# Requirement
Your answer must be an exact copy of the records, minus any pictures.

+--

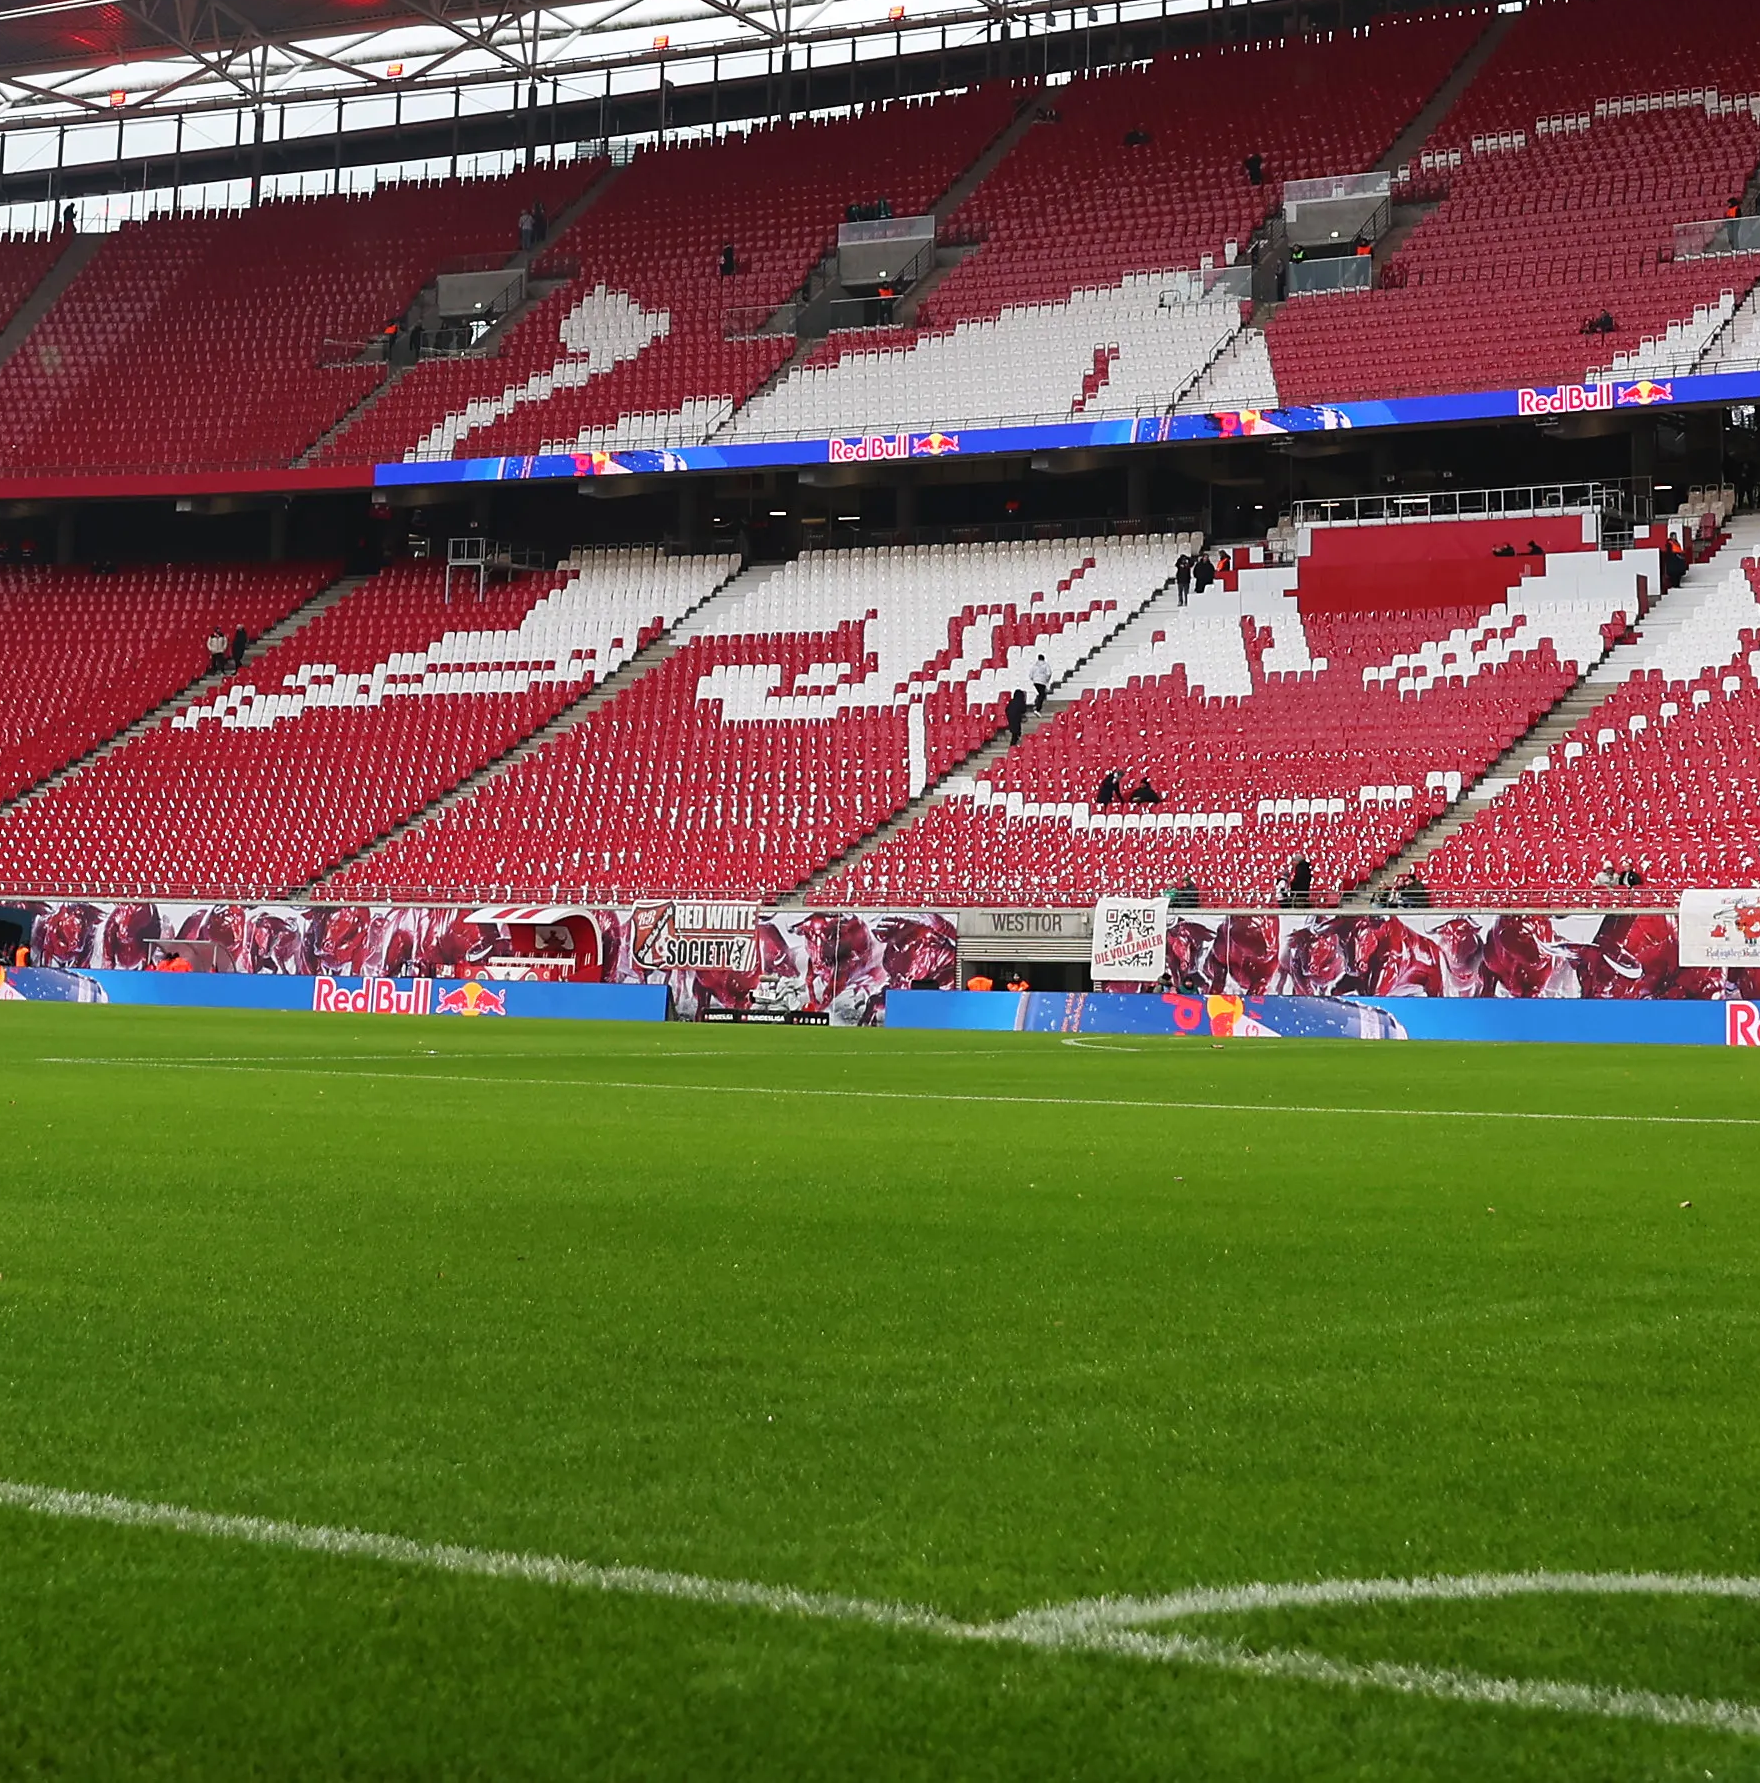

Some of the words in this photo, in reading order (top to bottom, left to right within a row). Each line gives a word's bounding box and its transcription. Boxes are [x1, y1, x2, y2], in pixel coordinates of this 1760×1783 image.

[1519, 385, 1566, 415] Red
[1566, 382, 1613, 411] Bull
[829, 436, 869, 463] Red
[869, 433, 909, 460] Bull
[674, 905, 703, 929] RED
[706, 905, 756, 930] WHITE
[992, 912, 1062, 933] WESTTOR
[666, 939, 734, 966] SOCIETY
[1095, 951, 1109, 965] DIE
[313, 976, 373, 1013] Red
[373, 977, 432, 1015] Bull

+--

# Answer section
Some of the words in this photo, in reading order (top to bottom, left to right within a row). Each line gives a word's bounding box and its transcription. Boxes are [x1, y1, x2, y2], in pixel coordinates of this 1760×1783 image.

[1519, 385, 1566, 415] Red
[1566, 382, 1613, 411] Bull
[829, 436, 869, 463] Red
[869, 433, 909, 460] Bull
[674, 905, 703, 929] RED
[706, 905, 756, 930] WHITE
[992, 912, 1062, 933] WESTTOR
[666, 939, 734, 966] SOCIETY
[1095, 951, 1109, 965] DIE
[313, 976, 373, 1013] Red
[373, 977, 432, 1015] Bull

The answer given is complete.